The squeeze on venture capital could hurt real estate startups

Better to be a cockroach than a unicorn in the race for funds
  • Some real estate companies are valued using different standards than others -- top-line revenue instead of net income or vice verse.
  • This leads to sky-high valuations for some companies -- but there could be bumpy roads ahead for tech startups.
  • Deals are still getting done though -- and the goal is to be a "cockroach," a self-sustaining company that doesn't need huge valuations and funding rounds to survive because it is continuously profitable.
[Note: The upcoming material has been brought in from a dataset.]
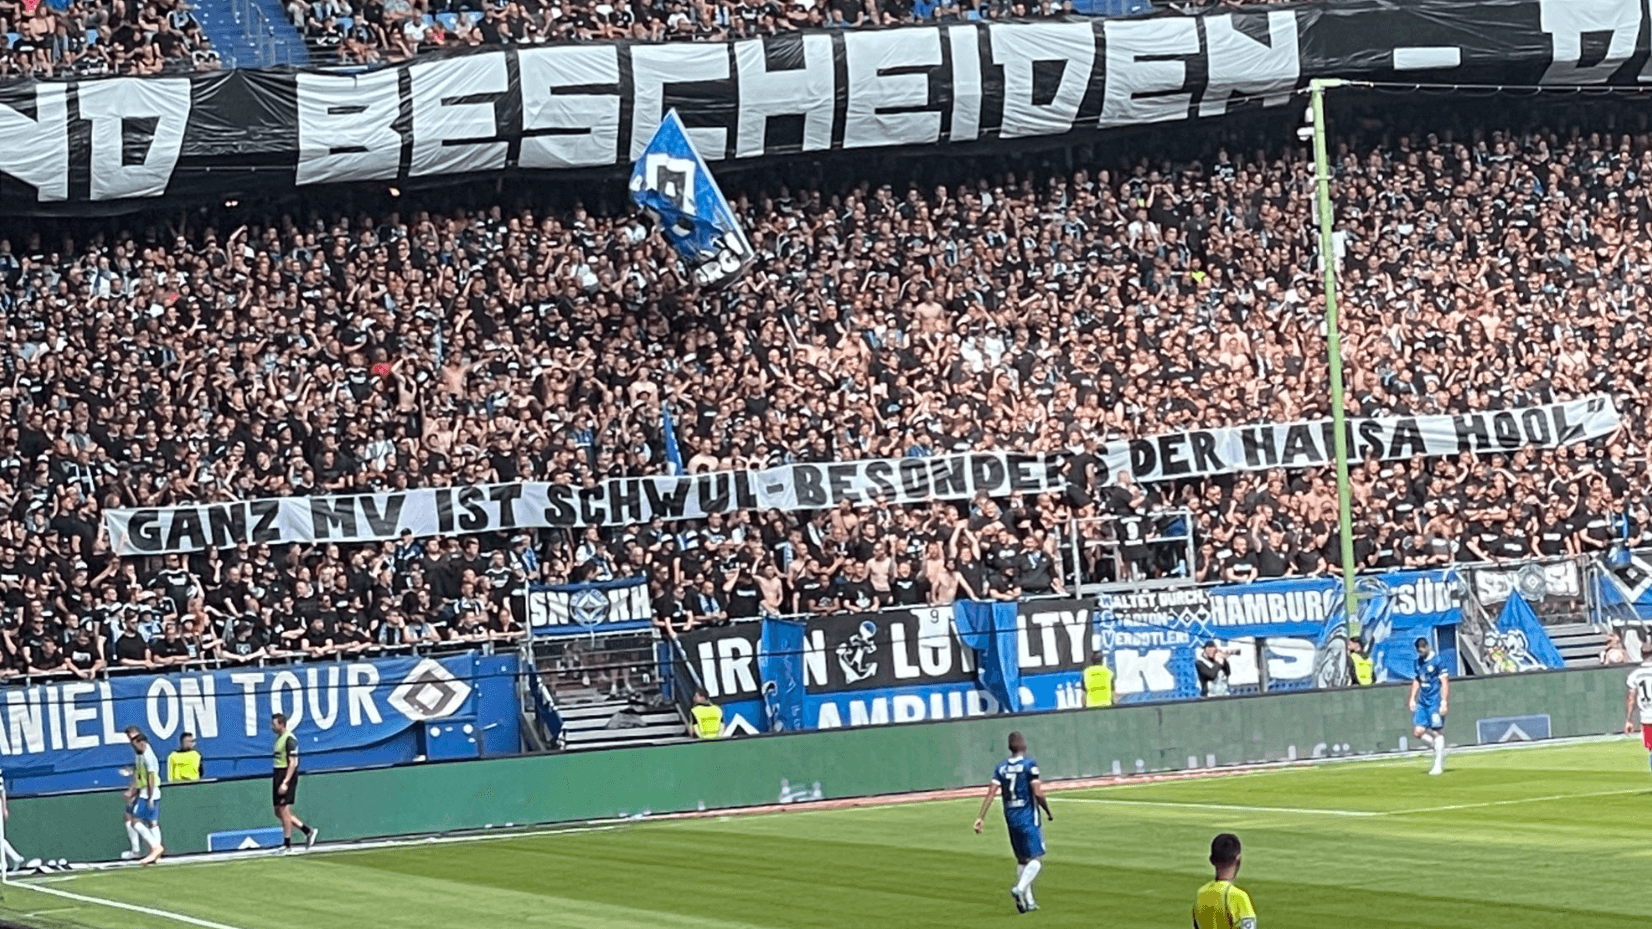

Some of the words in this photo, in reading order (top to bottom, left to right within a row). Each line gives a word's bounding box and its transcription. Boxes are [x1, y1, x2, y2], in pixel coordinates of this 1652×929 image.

Real estate broker Joe Rand feels envy and frustration when he reads about the financial valuations of companies like Compass and Redfin -- or even ZipRealty when it sold to Realogy for $166 million in 2014. Zip was valued at six times top-line revenue, while the valuation arithmetic for traditional brokerages -- like Rand’s profitable Better Homes and Gardens brokerage -- is only four to five times net income. The difference between the two methods of valuing companies is like the gap between the cost of a Tesla and the price of a skateboard. “Maybe I should start telling people that I am a technology company -- give me $100 million and I can build a kick-ass company,” said Rand. These sorts of “valuations really don’t make sense, considering their business models are the same as mine.” Sky-high valuations Six months ago, when Compass announced it had raised $50 million at a reported valuation of $800 million, many legacy brokers were stupefied. “Are you ki...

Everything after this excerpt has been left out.